When the nurse's assistant learned that a hospitalized infant was diagnosed with a deadly blood disease, she could not help but think back to her own treatment for cancer in the very same hospital years ago when she was a teenager.
"I was scared not of dying, but of dying alone," said Nishmeth De Jesus. "I don't want that to happen to him."
His father unknown, and his mother unable to care for her seriously ill child, she surrendered guardianship. De Jesus stepped in to provide a home for the child she calls Angelo.
"We started the adoption process as fast as we could," she recalled, "because the doctors were not sure how long he had."
The adoption was finalized a year ago.
Since shortly after his birth, Angelo has been treated — and so far lived much of his life — at Children's Hospital Los Angeles.
Angelo was formally diagnosed with hemophagocytic lymphohistiocytosis, better known as HLH.
"With HLH, his immune system does not work properly," said Thomas Hofstra, who specializes in pediatric hematology/oncology at CHLA. During flare-ups, the immune system becomes over-active and attacks the patient's own tissue and organs.
It is treatable, but when it is genetic — as in Angelo's case — it recurs, Hofstra said. Angelo was re-hospitalized last week after having another relapse.
A bone marrow transplant is "the only chance for cure," Hofstra said.
The challenge is to find a donor match. The search usually begins with immediate biological family members, but they have been unreachable, said de Jesus.
The mixed ethnicity of Angelo's parentage is limiting the number of potential matches, according to Hofstra.
Angelo has been a candidate for a transplant, but none of the potential donors tested and registered with the National Marrow Donor Program is a close enough match.
"Without a match, he doesn't have a chance," Nishmeth said.

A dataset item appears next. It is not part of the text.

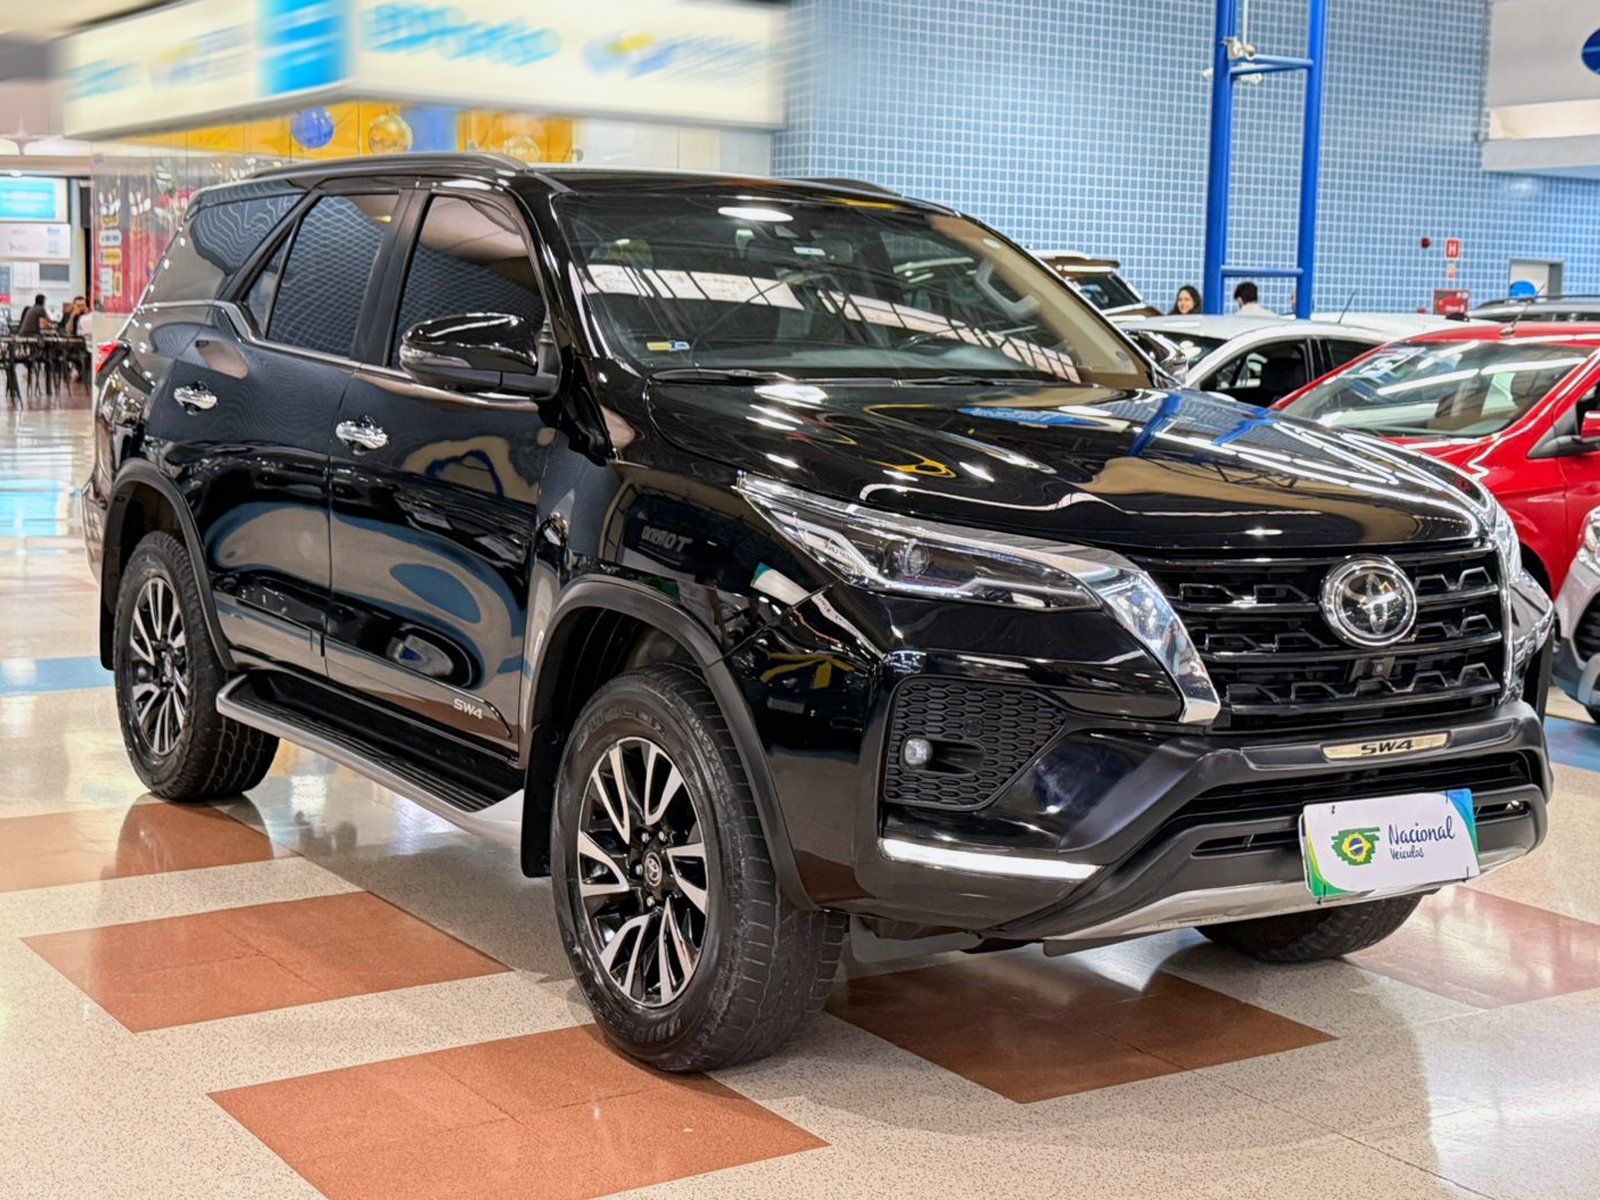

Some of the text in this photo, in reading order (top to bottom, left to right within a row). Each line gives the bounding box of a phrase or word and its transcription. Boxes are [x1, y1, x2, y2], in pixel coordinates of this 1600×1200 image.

[453, 698, 483, 719] SW4
[1361, 739, 1413, 755] SW4
[1388, 815, 1456, 846] Nacional

De Jesus hopes more people will consider contacting the program through its BeTheMatch website, and joining the registry by providing a genetic sample with a simple inner cheek swab.

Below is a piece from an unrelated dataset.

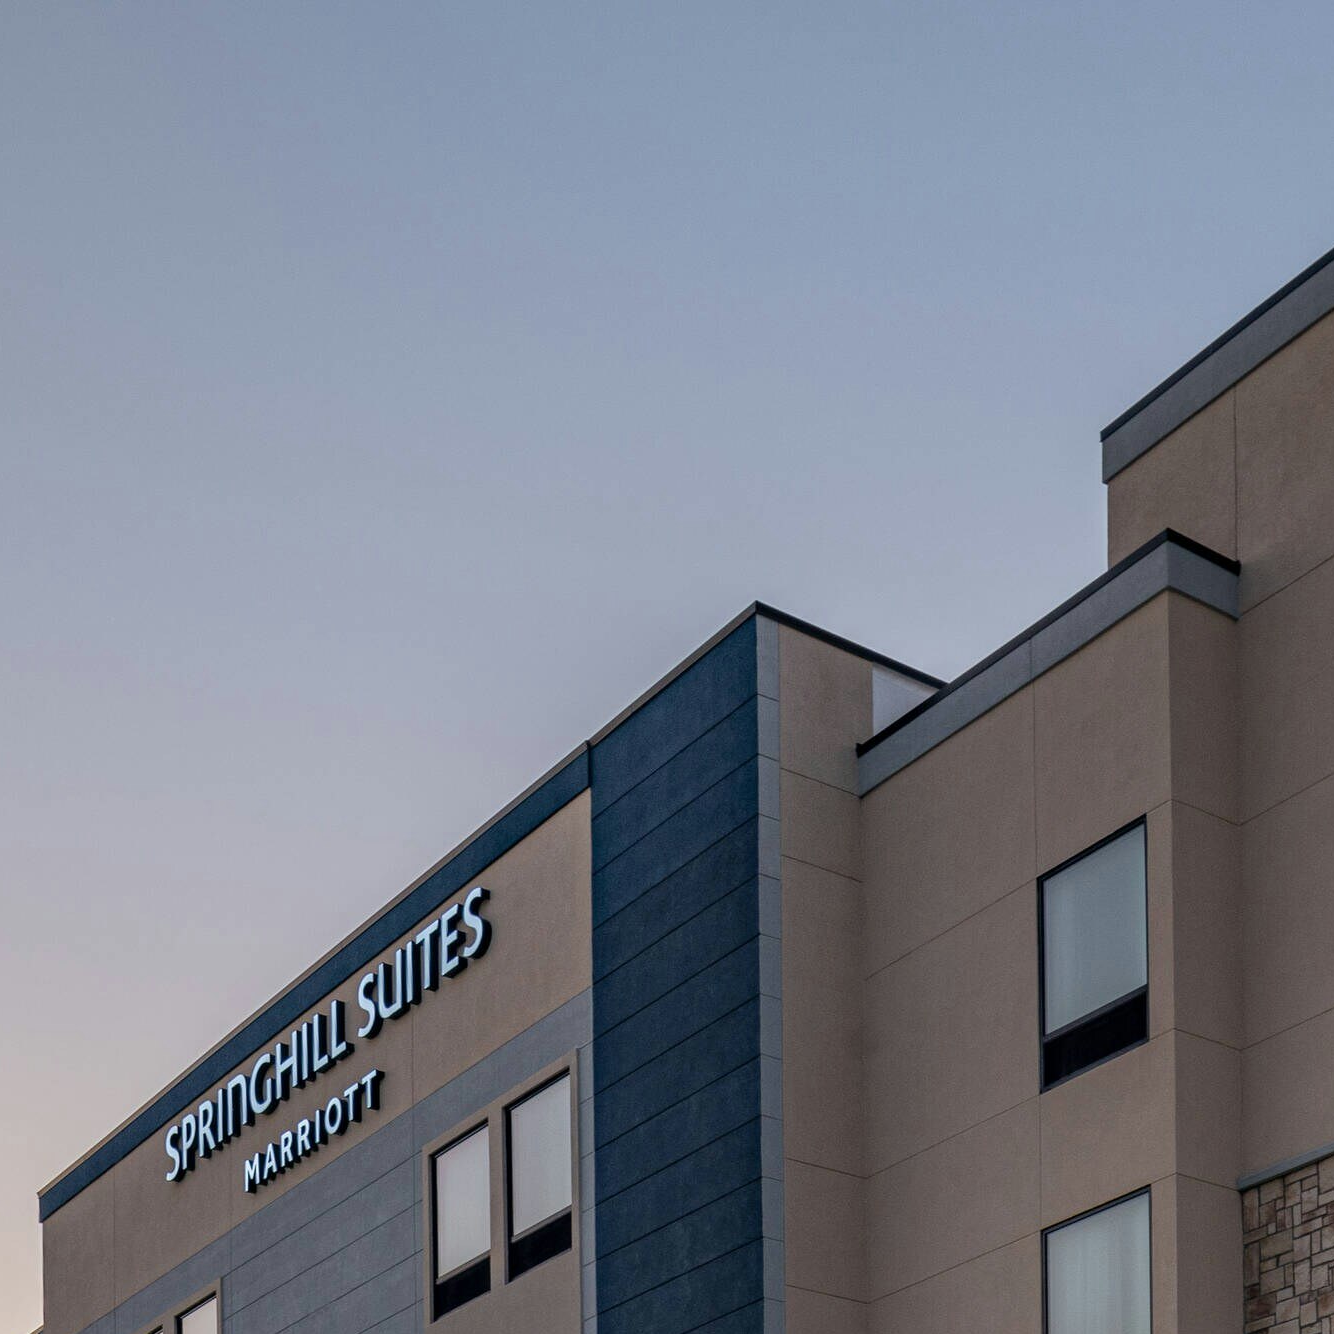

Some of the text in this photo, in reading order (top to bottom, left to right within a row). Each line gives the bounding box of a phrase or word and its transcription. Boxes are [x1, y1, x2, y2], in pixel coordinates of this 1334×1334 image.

[165, 886, 491, 1182] SPRINGHILL SUITES
[244, 1068, 385, 1194] MARRIOTT

"Any healthy person can donate blood marrow, or periferal blood, which they can get the stem cells for the bone marrow transplant," said Hofstra. Donors "recover very quickly and they keep living their lives," Hofstra said.
But for those with genetic HLH, with every relapse, recovery is more difficult.
"Every time he [Angelo] gets sick, it's more difficult to treat," said Hofstra. "He's responding partially to treatment now." The doctor said it is crucial to find a transplant match before treatment options dwindle.
De Jesus clings to hope biological relatives of Angelo can be located and evaluated as possible donors. She called him "a fighter."
"But even fighters get tired at some point," De Jesus said.